Saved entries:
▬▬▬▬▬▬▬▬▬▬
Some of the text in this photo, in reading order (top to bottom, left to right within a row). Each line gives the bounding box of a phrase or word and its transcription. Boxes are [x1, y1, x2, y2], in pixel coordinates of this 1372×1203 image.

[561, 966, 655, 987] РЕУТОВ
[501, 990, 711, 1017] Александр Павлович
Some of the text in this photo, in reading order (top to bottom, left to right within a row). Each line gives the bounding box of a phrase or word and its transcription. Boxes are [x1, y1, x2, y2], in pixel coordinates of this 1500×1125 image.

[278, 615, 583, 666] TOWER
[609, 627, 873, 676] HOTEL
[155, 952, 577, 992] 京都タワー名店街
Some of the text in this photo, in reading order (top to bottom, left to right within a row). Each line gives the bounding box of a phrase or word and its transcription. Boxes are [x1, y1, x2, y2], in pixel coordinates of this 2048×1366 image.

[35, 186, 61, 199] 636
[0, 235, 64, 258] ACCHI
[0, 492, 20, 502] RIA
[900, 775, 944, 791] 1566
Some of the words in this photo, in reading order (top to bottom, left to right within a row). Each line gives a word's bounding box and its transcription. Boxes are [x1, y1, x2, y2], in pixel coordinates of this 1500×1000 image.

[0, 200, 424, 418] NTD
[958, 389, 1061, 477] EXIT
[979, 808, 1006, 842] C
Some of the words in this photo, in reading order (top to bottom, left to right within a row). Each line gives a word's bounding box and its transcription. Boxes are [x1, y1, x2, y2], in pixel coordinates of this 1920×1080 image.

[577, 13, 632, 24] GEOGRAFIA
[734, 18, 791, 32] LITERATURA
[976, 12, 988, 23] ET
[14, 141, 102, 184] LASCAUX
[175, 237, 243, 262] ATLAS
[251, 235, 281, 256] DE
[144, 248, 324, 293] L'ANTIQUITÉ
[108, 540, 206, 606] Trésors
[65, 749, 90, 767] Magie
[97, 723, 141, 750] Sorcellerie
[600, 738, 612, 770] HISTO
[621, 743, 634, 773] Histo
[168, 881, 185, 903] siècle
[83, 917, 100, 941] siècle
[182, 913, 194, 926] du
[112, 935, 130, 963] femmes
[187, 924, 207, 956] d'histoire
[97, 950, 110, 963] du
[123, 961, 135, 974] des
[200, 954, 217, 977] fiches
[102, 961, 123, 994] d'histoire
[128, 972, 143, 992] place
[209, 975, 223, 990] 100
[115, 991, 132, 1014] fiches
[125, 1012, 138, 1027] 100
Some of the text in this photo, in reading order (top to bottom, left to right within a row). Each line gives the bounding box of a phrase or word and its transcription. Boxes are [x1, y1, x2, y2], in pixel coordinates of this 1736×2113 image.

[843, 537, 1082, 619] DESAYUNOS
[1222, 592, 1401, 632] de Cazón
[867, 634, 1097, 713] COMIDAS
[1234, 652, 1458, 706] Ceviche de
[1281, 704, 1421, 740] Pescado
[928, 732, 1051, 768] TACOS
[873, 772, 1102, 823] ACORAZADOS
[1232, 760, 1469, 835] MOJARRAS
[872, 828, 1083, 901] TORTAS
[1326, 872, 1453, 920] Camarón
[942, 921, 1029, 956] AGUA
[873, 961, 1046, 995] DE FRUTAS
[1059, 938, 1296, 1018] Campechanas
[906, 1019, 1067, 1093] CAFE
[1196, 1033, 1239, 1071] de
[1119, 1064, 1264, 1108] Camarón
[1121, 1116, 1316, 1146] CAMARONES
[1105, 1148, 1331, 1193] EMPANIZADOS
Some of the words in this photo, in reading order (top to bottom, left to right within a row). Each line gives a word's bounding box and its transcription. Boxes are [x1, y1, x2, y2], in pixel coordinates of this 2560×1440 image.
▬▬▬▬▬▬▬▬▬▬
» Exercise aim: Without leaving anything out, repeat the data exactly.

» Reply:
Some of the text in this photo, in reading order (top to bottom, left to right within a row). Each line gives the bounding box of a phrase or word and its transcription. Boxes are [x1, y1, x2, y2], in pixel coordinates of this 1372×1203 image.

[561, 966, 655, 987] РЕУТОВ
[501, 990, 711, 1017] Александр Павлович
Some of the text in this photo, in reading order (top to bottom, left to right within a row). Each line gives the bounding box of a phrase or word and its transcription. Boxes are [x1, y1, x2, y2], in pixel coordinates of this 1500×1125 image.

[278, 615, 583, 666] TOWER
[609, 627, 873, 676] HOTEL
[155, 952, 577, 992] 京都タワー名店街
Some of the text in this photo, in reading order (top to bottom, left to right within a row). Each line gives the bounding box of a phrase or word and its transcription. Boxes are [x1, y1, x2, y2], in pixel coordinates of this 2048×1366 image.

[35, 186, 61, 199] 636
[0, 235, 64, 258] ACCHI
[0, 492, 20, 502] RIA
[900, 775, 944, 791] 1566
Some of the words in this photo, in reading order (top to bottom, left to right within a row). Each line gives a word's bounding box and its transcription. Boxes are [x1, y1, x2, y2], in pixel coordinates of this 1500×1000 image.

[0, 200, 424, 418] NTD
[958, 389, 1061, 477] EXIT
[979, 808, 1006, 842] C
Some of the words in this photo, in reading order (top to bottom, left to right within a row). Each line gives a word's bounding box and its transcription. Boxes are [x1, y1, x2, y2], in pixel coordinates of this 1920×1080 image.

[577, 13, 632, 24] GEOGRAFIA
[734, 18, 791, 32] LITERATURA
[976, 12, 988, 23] ET
[14, 141, 102, 184] LASCAUX
[175, 237, 243, 262] ATLAS
[251, 235, 281, 256] DE
[144, 248, 324, 293] L'ANTIQUITÉ
[108, 540, 206, 606] Trésors
[65, 749, 90, 767] Magie
[97, 723, 141, 750] Sorcellerie
[600, 738, 612, 770] HISTO
[621, 743, 634, 773] Histo
[168, 881, 185, 903] siècle
[83, 917, 100, 941] siècle
[182, 913, 194, 926] du
[112, 935, 130, 963] femmes
[187, 924, 207, 956] d'histoire
[97, 950, 110, 963] du
[123, 961, 135, 974] des
[200, 954, 217, 977] fiches
[102, 961, 123, 994] d'histoire
[128, 972, 143, 992] place
[209, 975, 223, 990] 100
[115, 991, 132, 1014] fiches
[125, 1012, 138, 1027] 100
Some of the text in this photo, in reading order (top to bottom, left to right within a row). Each line gives the bounding box of a phrase or word and its transcription. Boxes are [x1, y1, x2, y2], in pixel coordinates of this 1736×2113 image.

[843, 537, 1082, 619] DESAYUNOS
[1222, 592, 1401, 632] de Cazón
[867, 634, 1097, 713] COMIDAS
[1234, 652, 1458, 706] Ceviche de
[1281, 704, 1421, 740] Pescado
[928, 732, 1051, 768] TACOS
[873, 772, 1102, 823] ACORAZADOS
[1232, 760, 1469, 835] MOJARRAS
[872, 828, 1083, 901] TORTAS
[1326, 872, 1453, 920] Camarón
[942, 921, 1029, 956] AGUA
[873, 961, 1046, 995] DE FRUTAS
[1059, 938, 1296, 1018] Campechanas
[906, 1019, 1067, 1093] CAFE
[1196, 1033, 1239, 1071] de
[1119, 1064, 1264, 1108] Camarón
[1121, 1116, 1316, 1146] CAMARONES
[1105, 1148, 1331, 1193] EMPANIZADOS
Some of the words in this photo, in reading order (top to bottom, left to right within a row). Each line gives a word's bounding box and its transcription. Boxes are [x1, y1, x2, y2], in pixel coordinates of this 2560×1440 image.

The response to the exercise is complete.